Each entry should be copied as it stands, leaving the pictures behind.
------ Dataset content ------
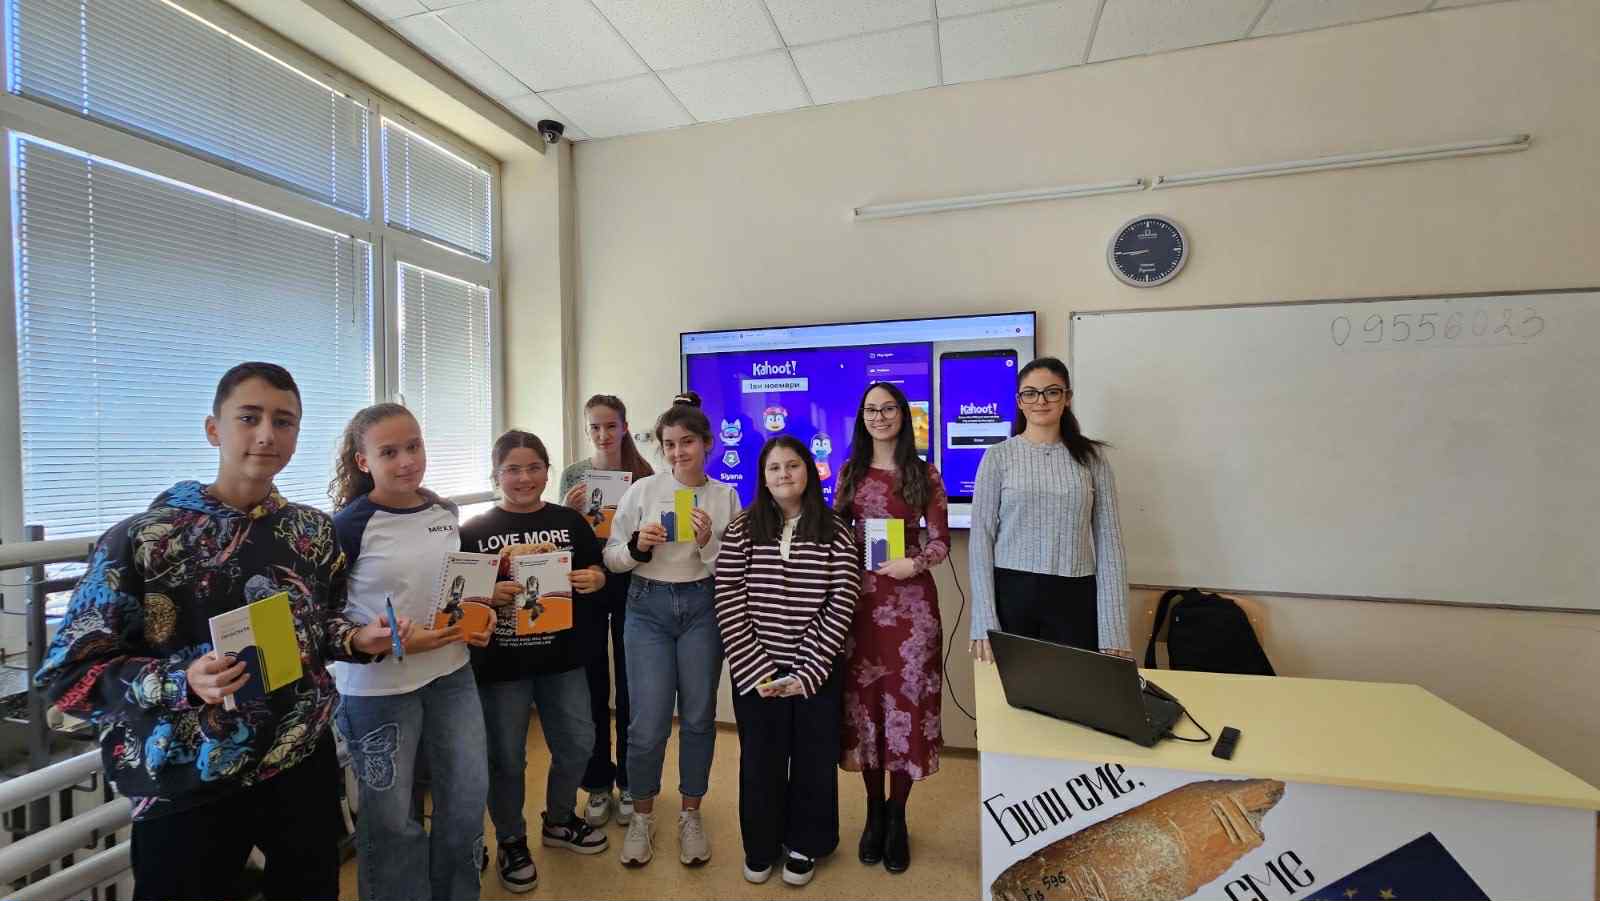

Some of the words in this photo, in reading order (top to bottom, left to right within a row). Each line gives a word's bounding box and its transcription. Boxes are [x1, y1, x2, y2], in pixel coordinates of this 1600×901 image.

[752, 360, 797, 376] Kahoot!
[960, 402, 998, 415] Kahoot!
[727, 453, 735, 463] 2
[478, 533, 520, 553] LOVE
[524, 529, 570, 545] MORE
[983, 788, 1073, 847] Били
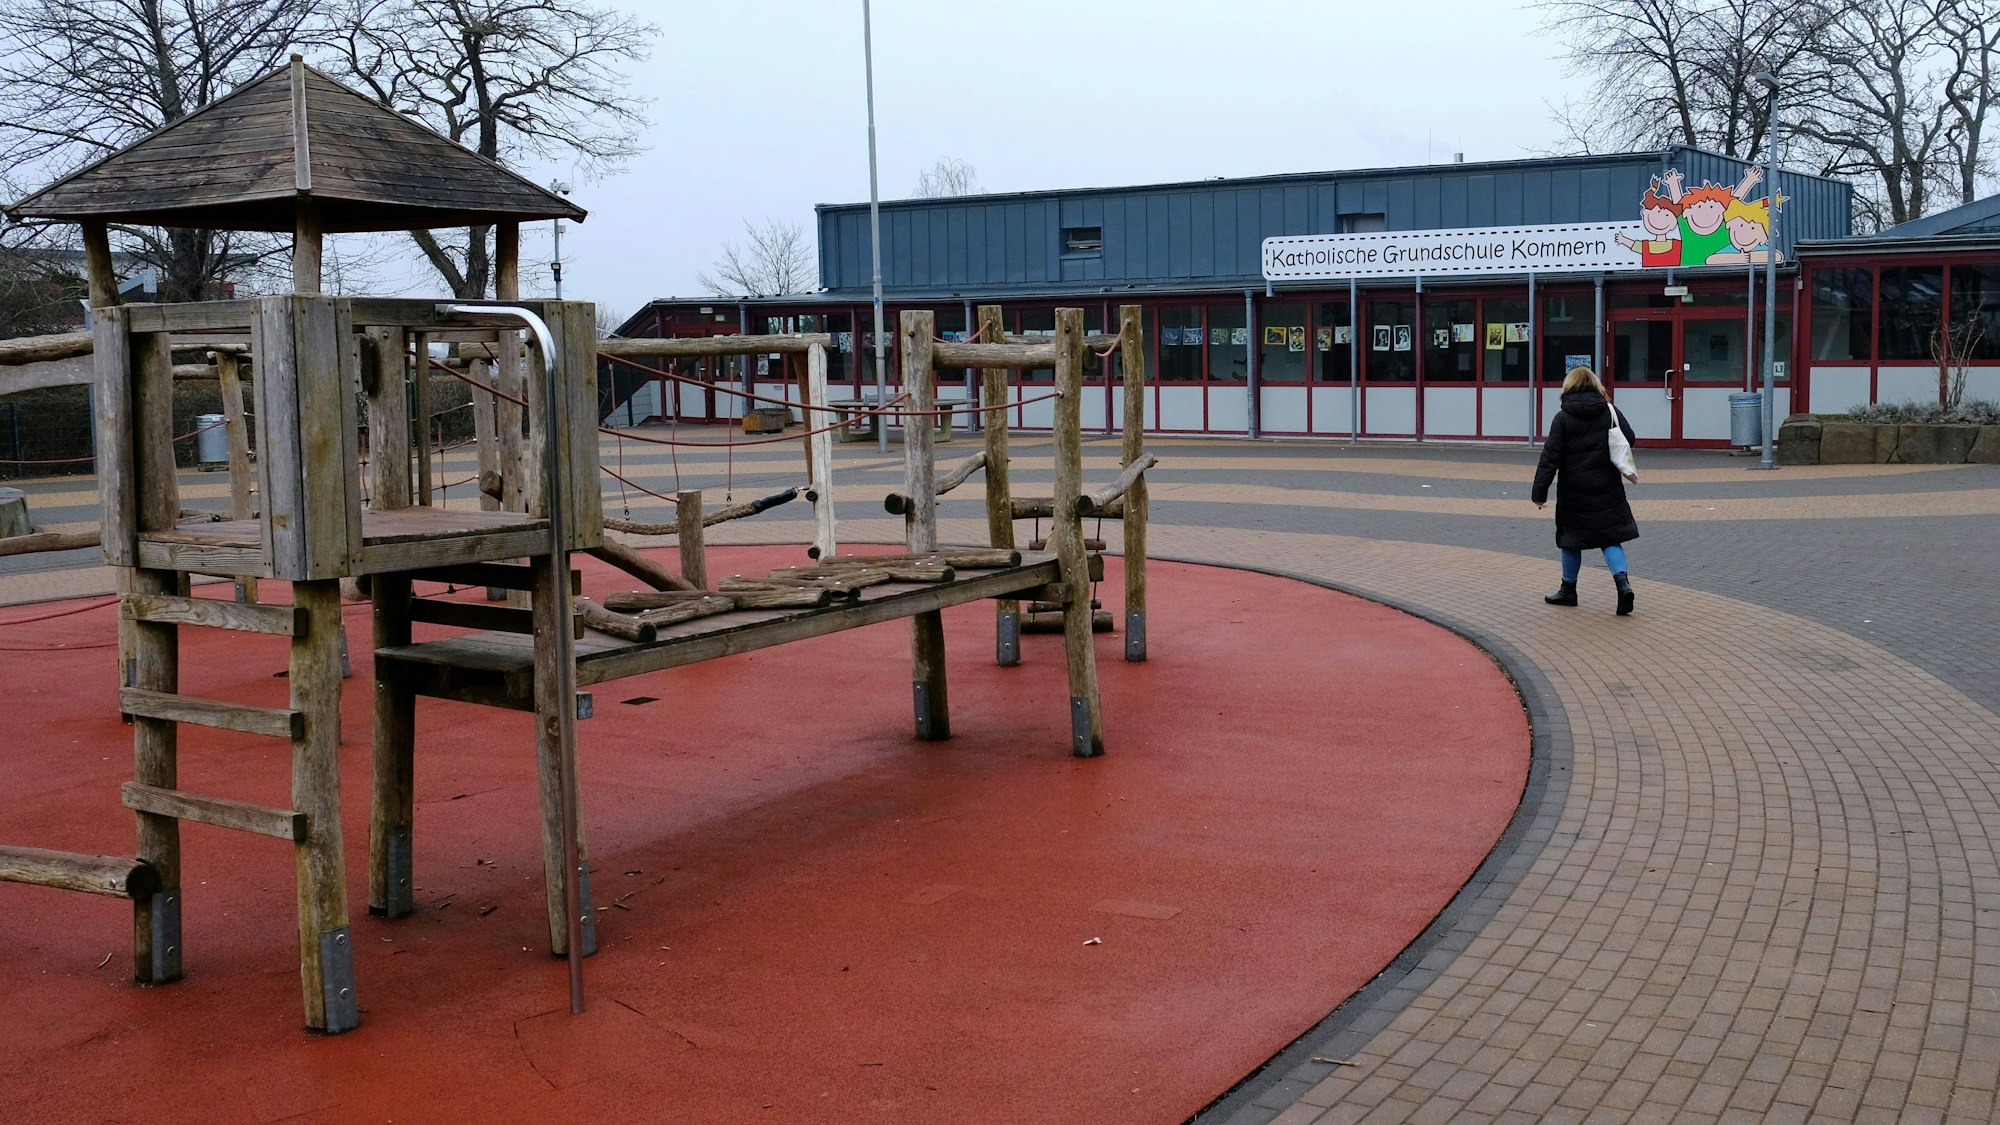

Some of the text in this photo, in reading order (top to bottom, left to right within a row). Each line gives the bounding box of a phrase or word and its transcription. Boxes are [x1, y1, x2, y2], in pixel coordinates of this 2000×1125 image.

[1272, 239, 1606, 268] Katholische Grundschule Kommern
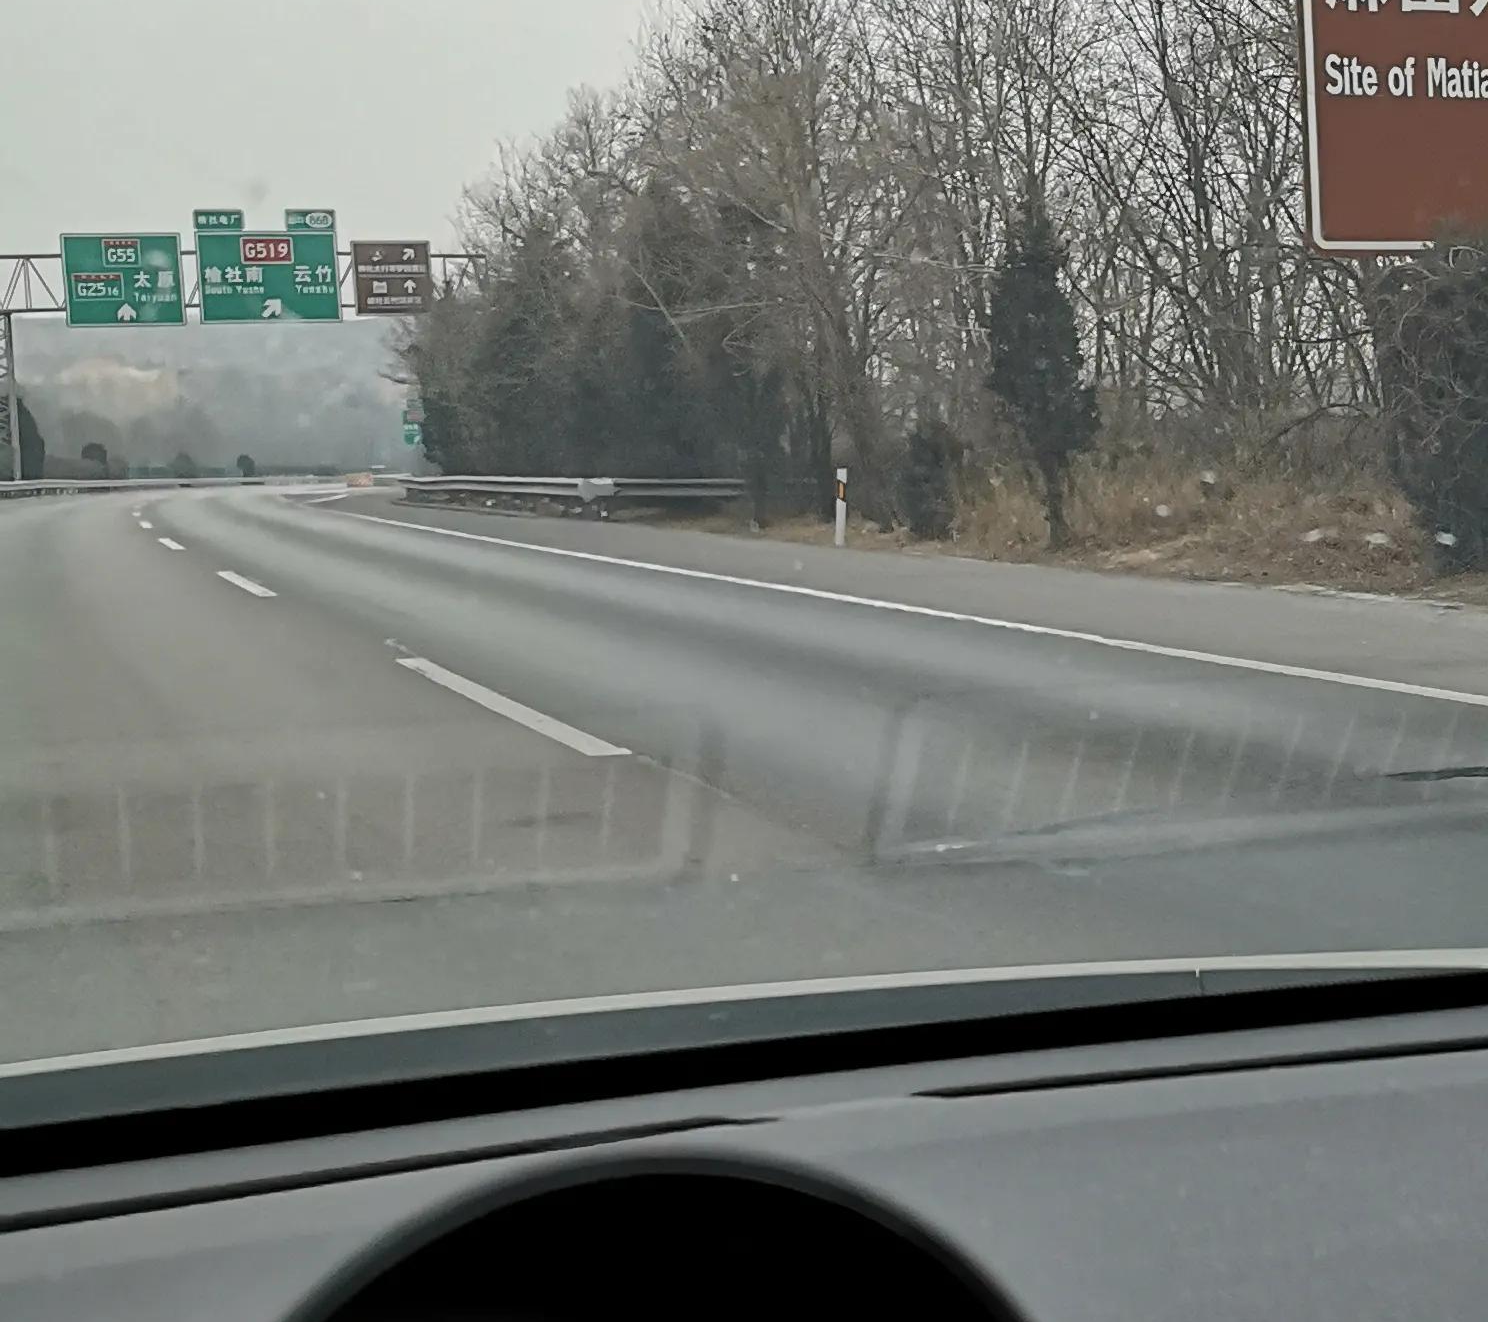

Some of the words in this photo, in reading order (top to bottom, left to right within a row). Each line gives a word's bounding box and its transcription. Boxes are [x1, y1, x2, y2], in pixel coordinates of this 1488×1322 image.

[1325, 54, 1378, 97] Site
[1388, 56, 1416, 99] of
[107, 248, 136, 262] G55
[245, 243, 288, 258] G519
[293, 265, 332, 283] 云竹
[77, 282, 119, 296] G2516
------
• [Solution to this exercise]:
Some of the words in this photo, in reading order (top to bottom, left to right within a row). Each line gives a word's bounding box and its transcription. Boxes are [x1, y1, x2, y2], in pixel coordinates of this 1600×901 image.

[752, 360, 797, 376] Kahoot!
[960, 402, 998, 415] Kahoot!
[727, 453, 735, 463] 2
[478, 533, 520, 553] LOVE
[524, 529, 570, 545] MORE
[983, 788, 1073, 847] Били

Some of the text in this photo, in reading order (top to bottom, left to right within a row). Each line gives the bounding box of a phrase or word and its transcription. Boxes are [x1, y1, x2, y2], in pixel coordinates of this 2000×1125 image.

[1272, 239, 1606, 268] Katholische Grundschule Kommern

Some of the words in this photo, in reading order (top to bottom, left to right within a row). Each line gives a word's bounding box and its transcription. Boxes are [x1, y1, x2, y2], in pixel coordinates of this 1488×1322 image.

[1325, 54, 1378, 97] Site
[1388, 56, 1416, 99] of
[107, 248, 136, 262] G55
[245, 243, 288, 258] G519
[293, 265, 332, 283] 云竹
[77, 282, 119, 296] G2516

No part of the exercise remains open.